TASK STATEMENT: From the line that contains "this 1653×720 image." to the final line of the records below, print each line exactly and leave every picture out.

● ● ● ●

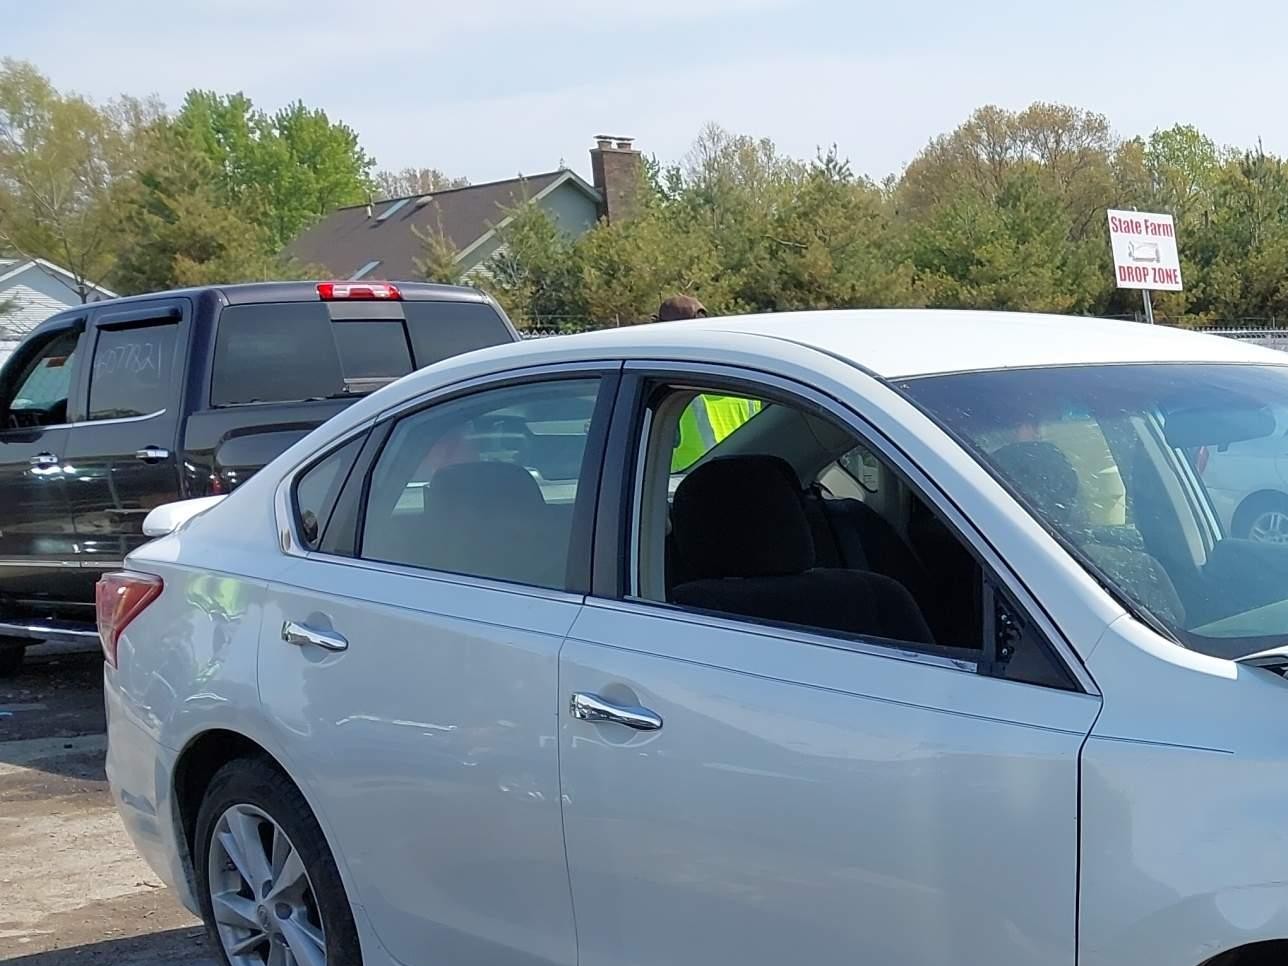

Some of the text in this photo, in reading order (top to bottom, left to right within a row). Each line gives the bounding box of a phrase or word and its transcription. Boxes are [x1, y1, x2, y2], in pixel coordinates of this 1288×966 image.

[1110, 216, 1174, 238] State Farm
[1118, 266, 1180, 285] DROP ZONE
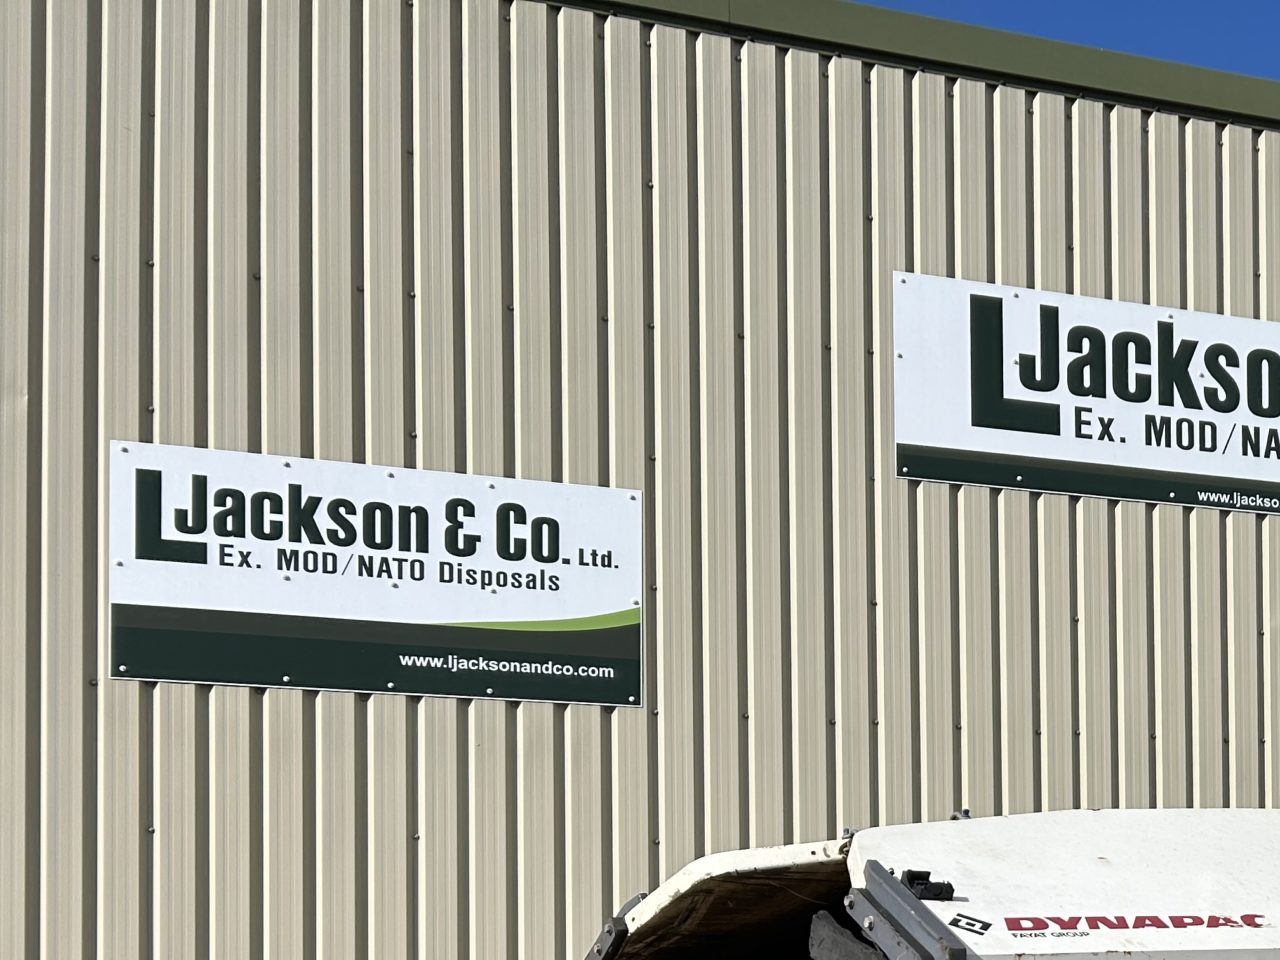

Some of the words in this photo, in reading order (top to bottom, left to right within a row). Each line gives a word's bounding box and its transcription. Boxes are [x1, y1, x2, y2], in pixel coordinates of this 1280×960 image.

[1075, 406, 1127, 444] Ex.
[444, 498, 481, 558] &
[496, 502, 571, 565] Co.
[578, 548, 619, 570] Ltd.
[219, 543, 262, 570] Ex.
[277, 548, 425, 582] MOD/NATO
[439, 561, 561, 592] Disposals
[399, 654, 615, 679] www.ljacksonandco.com
[1003, 914, 1268, 931] DYNAPAC
[1050, 931, 1091, 939] GROUP
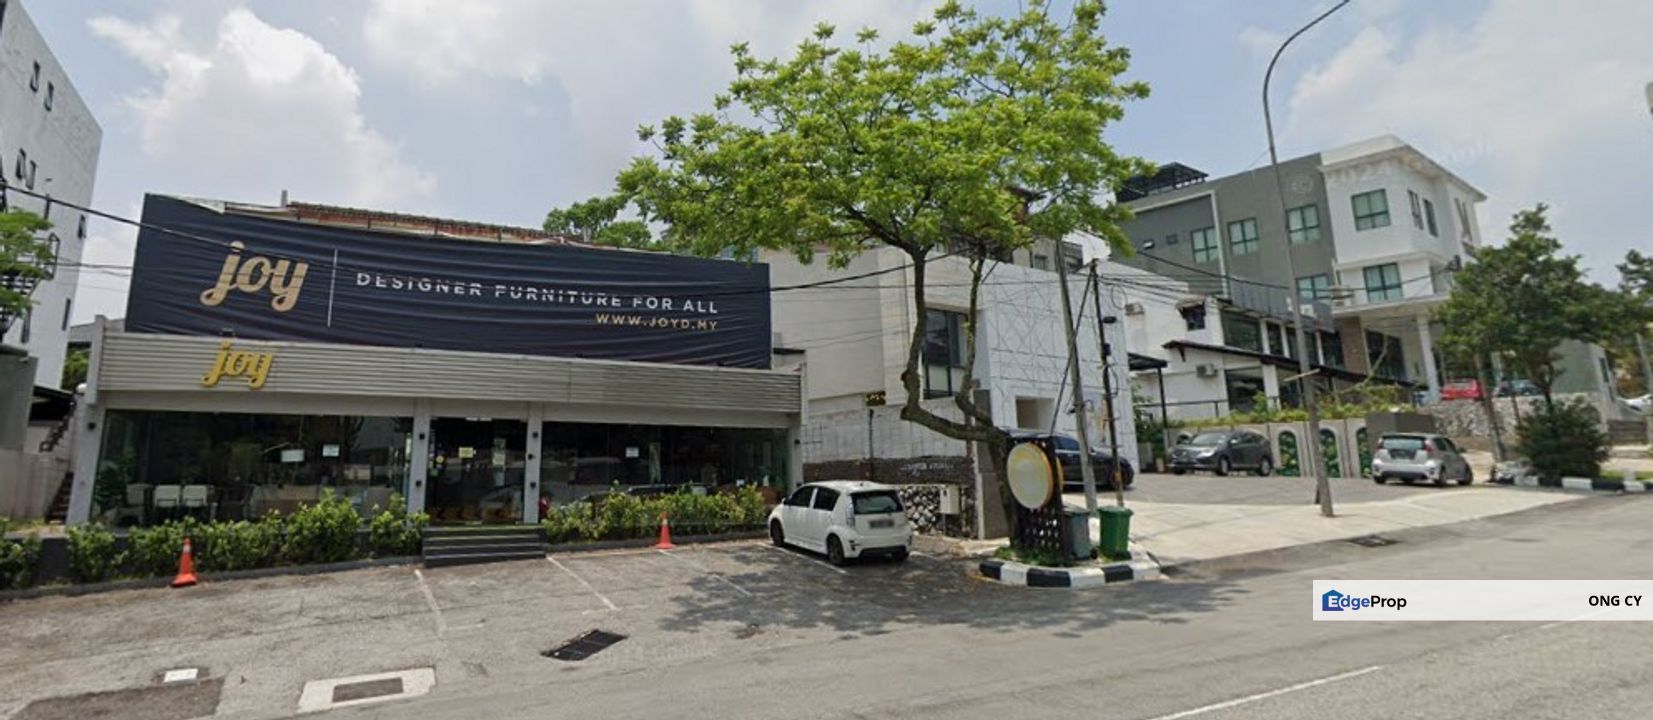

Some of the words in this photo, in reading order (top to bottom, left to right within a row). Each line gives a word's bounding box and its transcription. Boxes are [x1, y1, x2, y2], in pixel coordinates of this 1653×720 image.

[200, 241, 309, 312] joy
[356, 272, 482, 296] DESIGNER
[494, 284, 622, 307] FURNITURE
[632, 296, 673, 310] FOR
[683, 301, 719, 314] ALL
[595, 313, 719, 331] WWW.JOYD.MY
[201, 339, 273, 389] joy
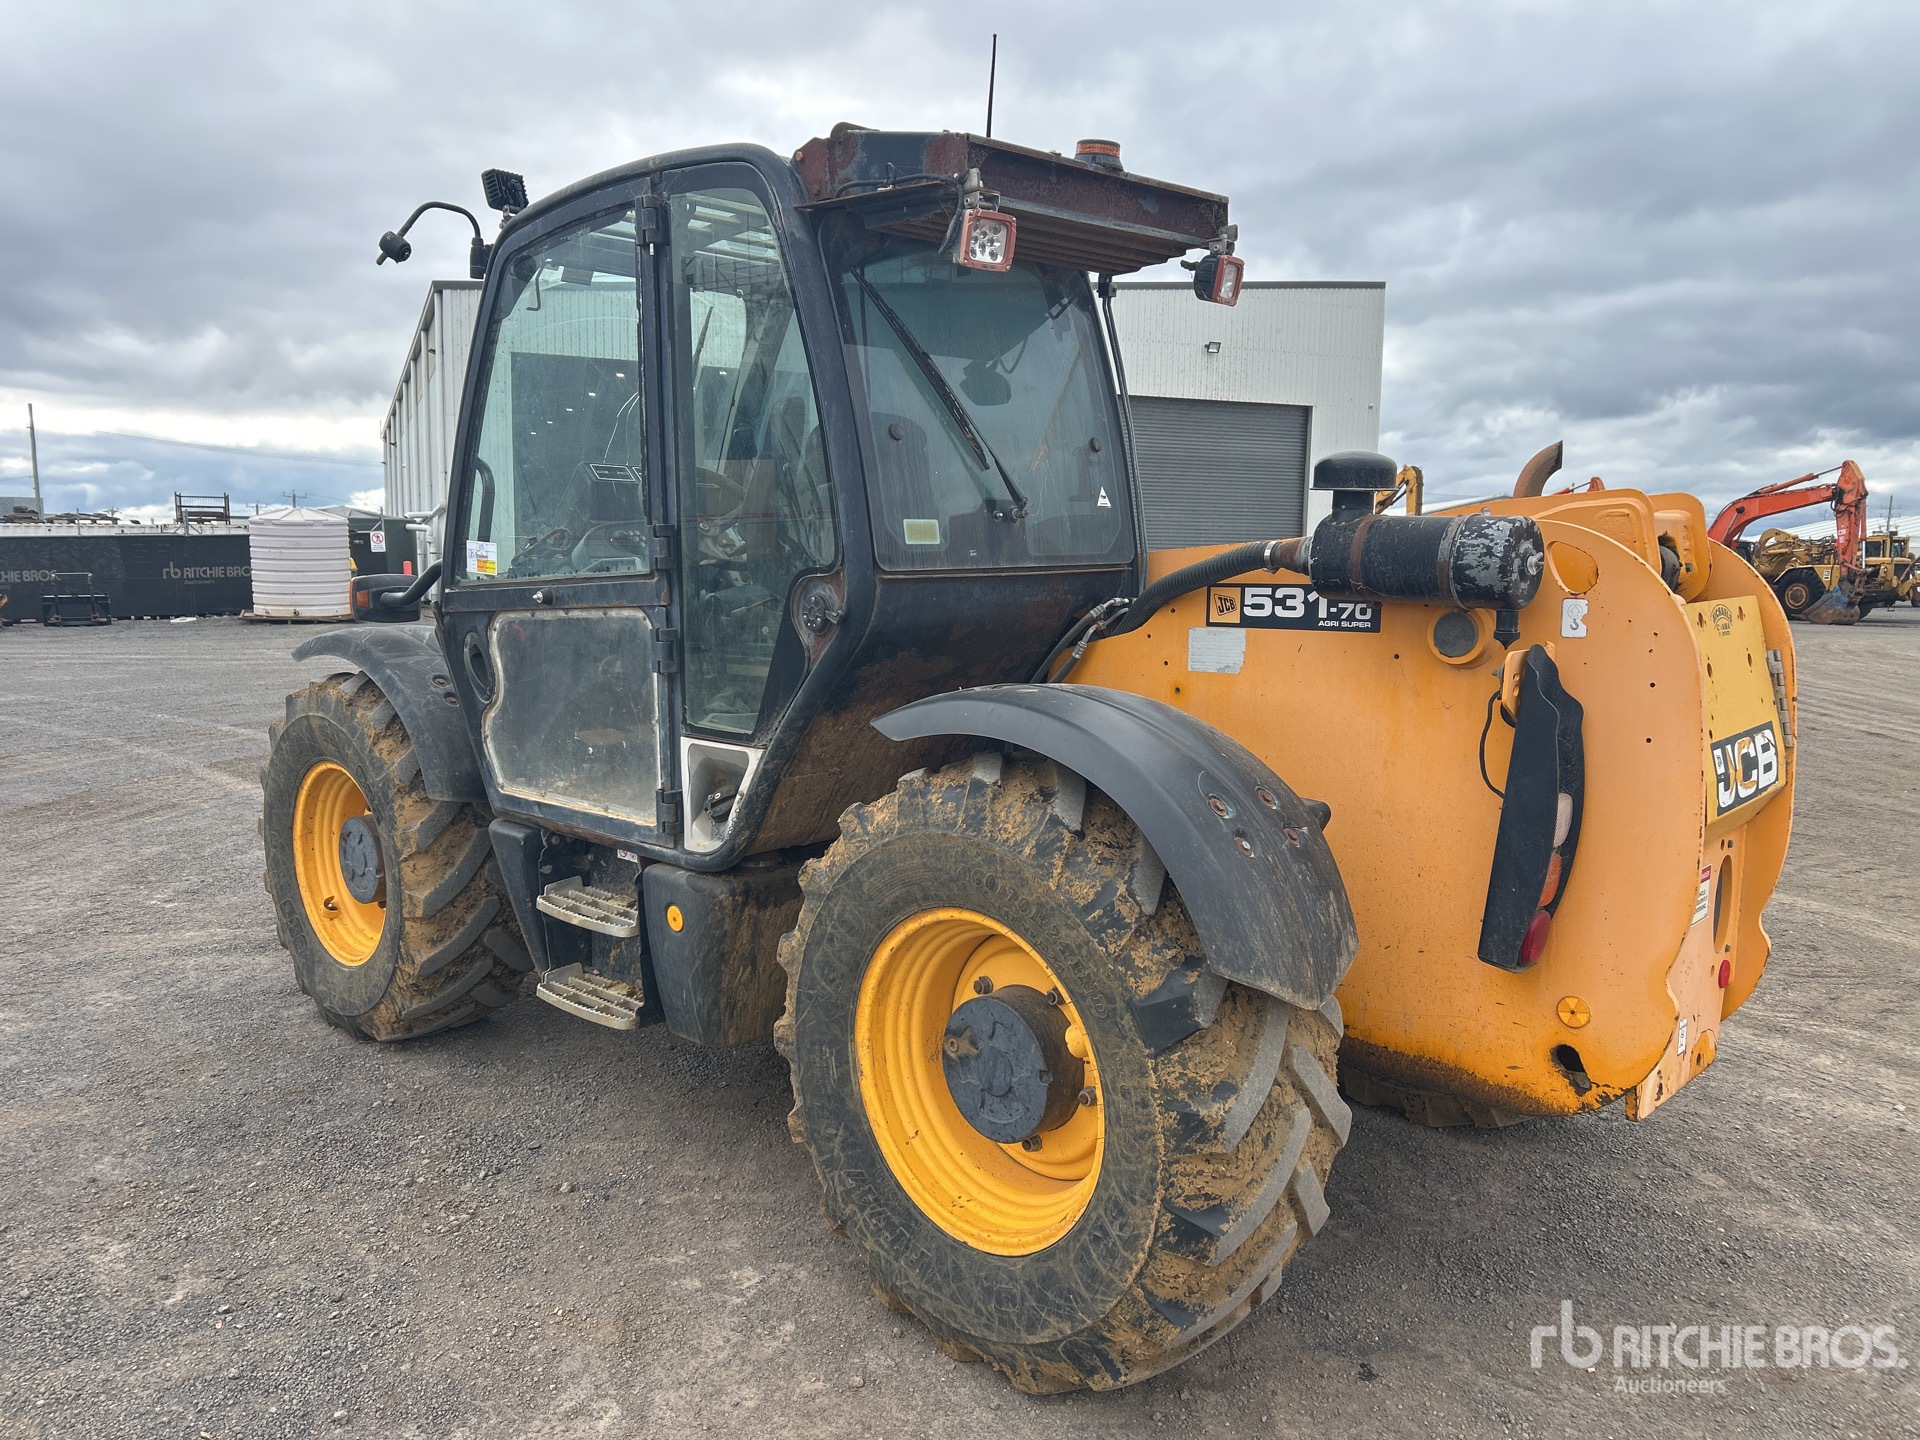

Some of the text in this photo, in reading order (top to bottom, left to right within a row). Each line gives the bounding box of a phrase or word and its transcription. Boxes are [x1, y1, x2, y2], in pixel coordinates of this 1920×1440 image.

[0, 570, 21, 582] HIE
[183, 566, 225, 579] RITCHIE
[1217, 596, 1236, 614] JCB
[1713, 729, 1777, 807] JCB

● ● ● ●

ANSWER:
Some of the words in this photo, in reading order (top to bottom, left to right within a row). Each line gives a word's bounding box and its transcription. Boxes are [x1, y1, x2, y2], in pixel coordinates of this 1653×720 image.

[200, 241, 309, 312] joy
[356, 272, 482, 296] DESIGNER
[494, 284, 622, 307] FURNITURE
[632, 296, 673, 310] FOR
[683, 301, 719, 314] ALL
[595, 313, 719, 331] WWW.JOYD.MY
[201, 339, 273, 389] joy

Some of the text in this photo, in reading order (top to bottom, left to right within a row). Each line gives the bounding box of a phrase or word and its transcription. Boxes are [x1, y1, x2, y2], in pixel coordinates of this 1920×1440 image.

[0, 570, 21, 582] HIE
[183, 566, 225, 579] RITCHIE
[1217, 596, 1236, 614] JCB
[1713, 729, 1777, 807] JCB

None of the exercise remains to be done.